La obra de Mekas, ya sea su filmografía, así como sus escritos, es un ejercicio de memoria, de recuperación de los pasos que han marcado su vida: un gran libro jalonado por capítulos en letras e imágenes que nace con sus primeros poemas de juventud y llega a los cortometrajes que ha compartido con nosotros a través de su página web en la última década. Momento crucial en su devenir vital es la huida de Lituania y la subsiguiente odisea atravesando una Europa en plena Segunda Guerra Mundial. Es ahí donde se incardina su interesantísimo diario Ningún lugar adónde ir, publicado en 1991 por Black Thistle Press con el título I Had Nowhere to Go. Diary of a Displaced Person. En castellano, el diario de Jonas Mekas fue publicado en 2008 por la exquisita editorial argentina Caja Negra, con una muy notable traducción de Leonel Livchits y un no menos destacable prólogo de Emilio Bernini. Después de que la primera edición se agotara, Caja Negra ha decidido (con buen criterio) reeditar un volumen que, si cabe, alcanza ahora más repercusión, pues (¡por fin!) la obra cinematográfica de Mekas comienza a ser editada como merece en Europa, con una edición fundamental en Francia (Potemkine EDV 2390) que en 896 minutos y 6 DVDs abarca desde The Brig (1964) hasta As I Was Moving Ahead Occasionally I Saw Brief Glimpses of Beauty (2000); así como en España, si bien el proyecto de Intermedio, que comenzó con Reminiscences of a Journey to Lithuania (1972) y As I Was Moving Ahead..., no ha tenido una segunda entrega en la que debieran aparecer piezas tan bellas como Walden (1969) o Lost Lost Lost (1976), sí presentes en la edición del sello Potemkine.

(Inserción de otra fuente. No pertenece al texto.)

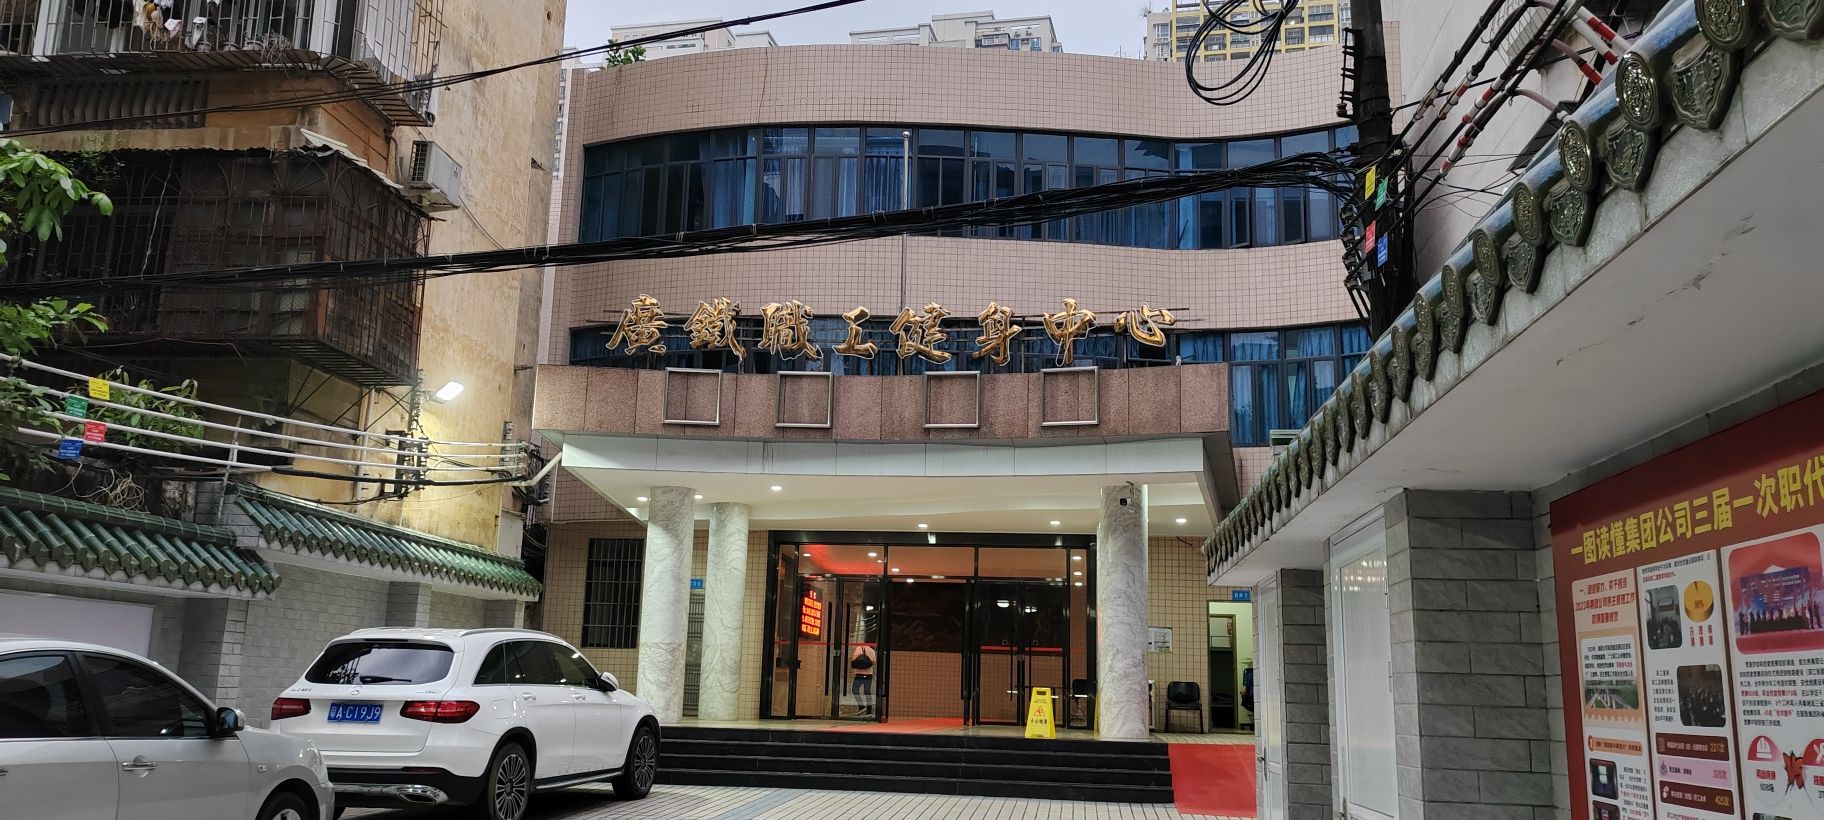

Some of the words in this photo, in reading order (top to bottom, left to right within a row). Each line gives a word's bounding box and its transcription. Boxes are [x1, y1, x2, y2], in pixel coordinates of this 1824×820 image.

[606, 294, 1176, 367] 廣鐵職工健身中心
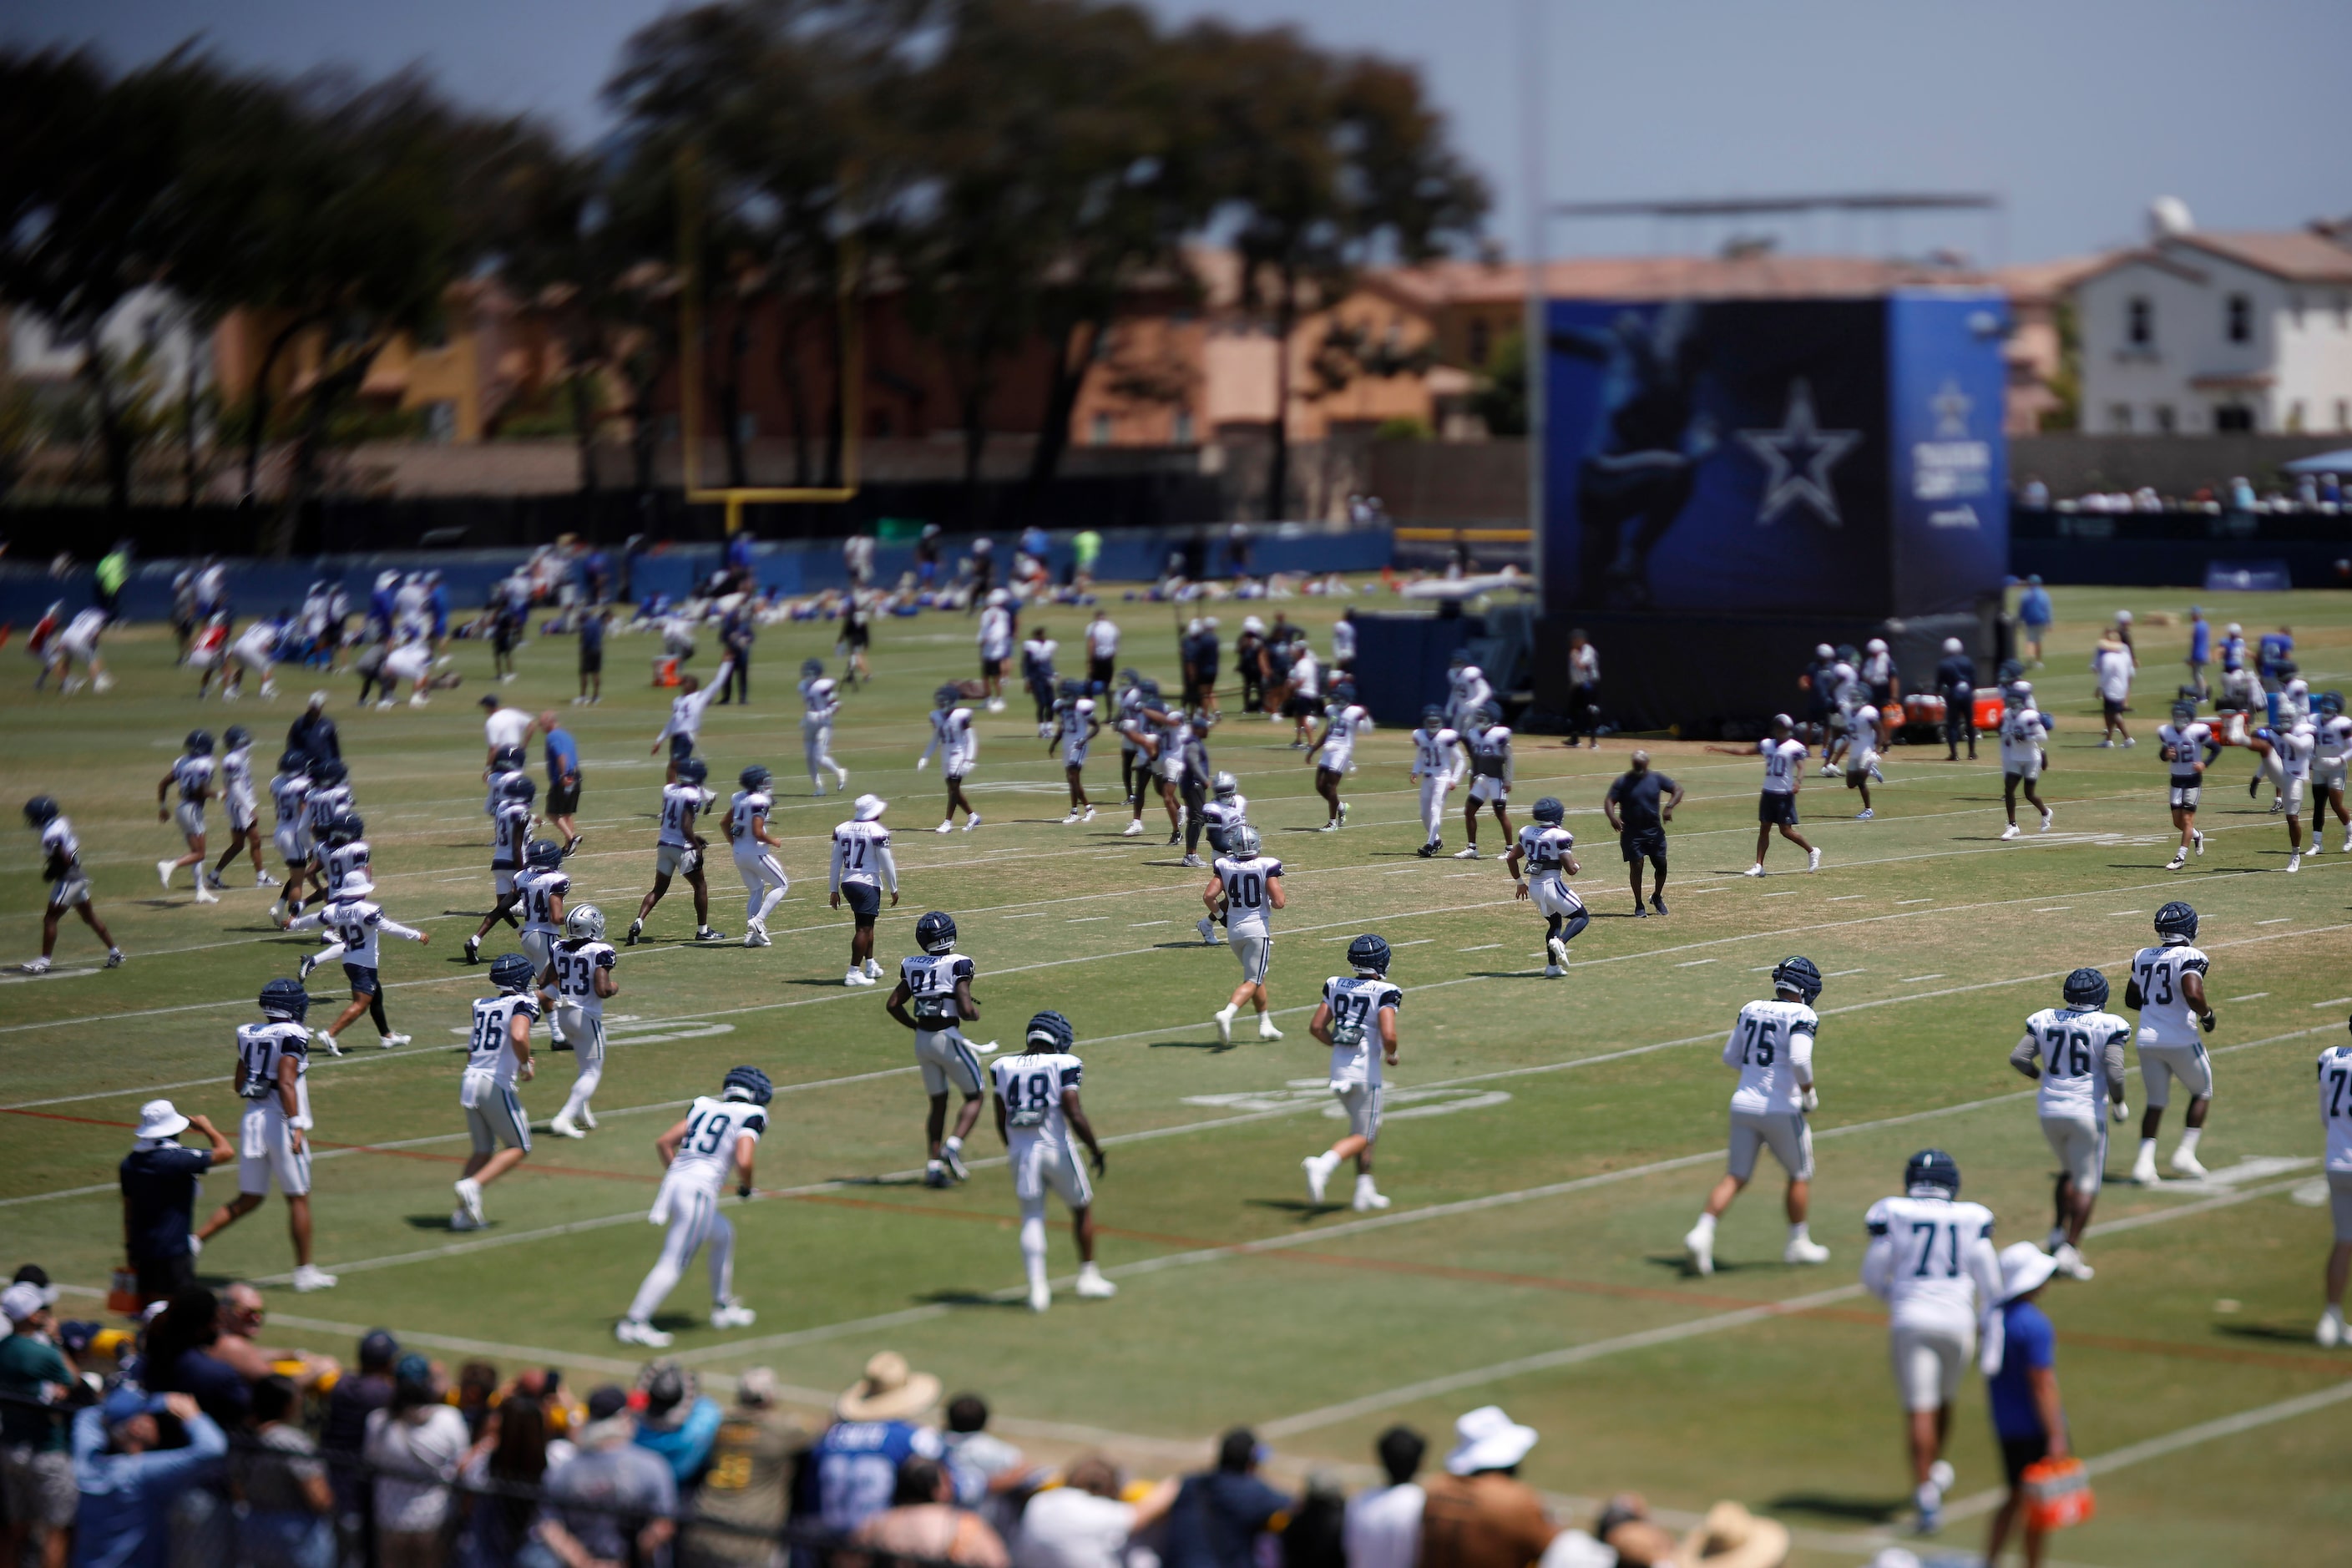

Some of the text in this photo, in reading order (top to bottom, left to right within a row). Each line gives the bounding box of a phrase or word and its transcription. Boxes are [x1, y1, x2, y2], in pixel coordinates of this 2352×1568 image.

[842, 837, 866, 869] 27
[1525, 839, 1551, 862] 36
[1228, 873, 1262, 908] 40
[339, 924, 366, 953] 42
[558, 957, 589, 996] 23
[911, 969, 937, 994] 81
[2140, 963, 2173, 1006] 73
[1333, 994, 1370, 1027] 87
[1743, 1018, 1777, 1067] 75
[2046, 1029, 2092, 1076] 76
[1008, 1074, 1049, 1111] 48
[2330, 1068, 2352, 1117] 7
[1913, 1222, 1958, 1277] 71

«Invito a leer todo esto como fragmentos de la vida de alguien. O como una carta de un extranjero que siente nostalgia. O como una novela, ficción pura [...] El tema, la trama que anuda estas piezas es mi vida, mi desarrollo». Así nos tiende su diario Jonas Mekas, con una voluntad fragmentaria que cualquiera que conozca su filmografía entenderá bebe del mismo estilo de asociaciones que marcará su producción audiovisual (si cabe, en el diario con un orden cronológico más pautado, sin las continuas elipsis que trazan sus películas). Sin embargo, ese puzzle de momentaneidades es una totalidad con sentido en sí misma, una globalidad que recoge esos fragmentos de recuerdo sobre los que se asienta nuestra memoria, activados por vínculos no siempre comprensibles para la razón: sea la magdalena mojada en té para el protagonista de la Recherche proustiana, sea un temporal de nieve en la Manhattan de Mekas, capaz de interconectar tantos días, ya no sólo de su presente neoyorquino, sino de una Lituania cuyo paisaje nevado fue una suerte de Ítaca que buscó a lo largo de su exilio; Ítaca que renació transmutada en comunidad artística, dando así lugar a otra suerte de pertenencia...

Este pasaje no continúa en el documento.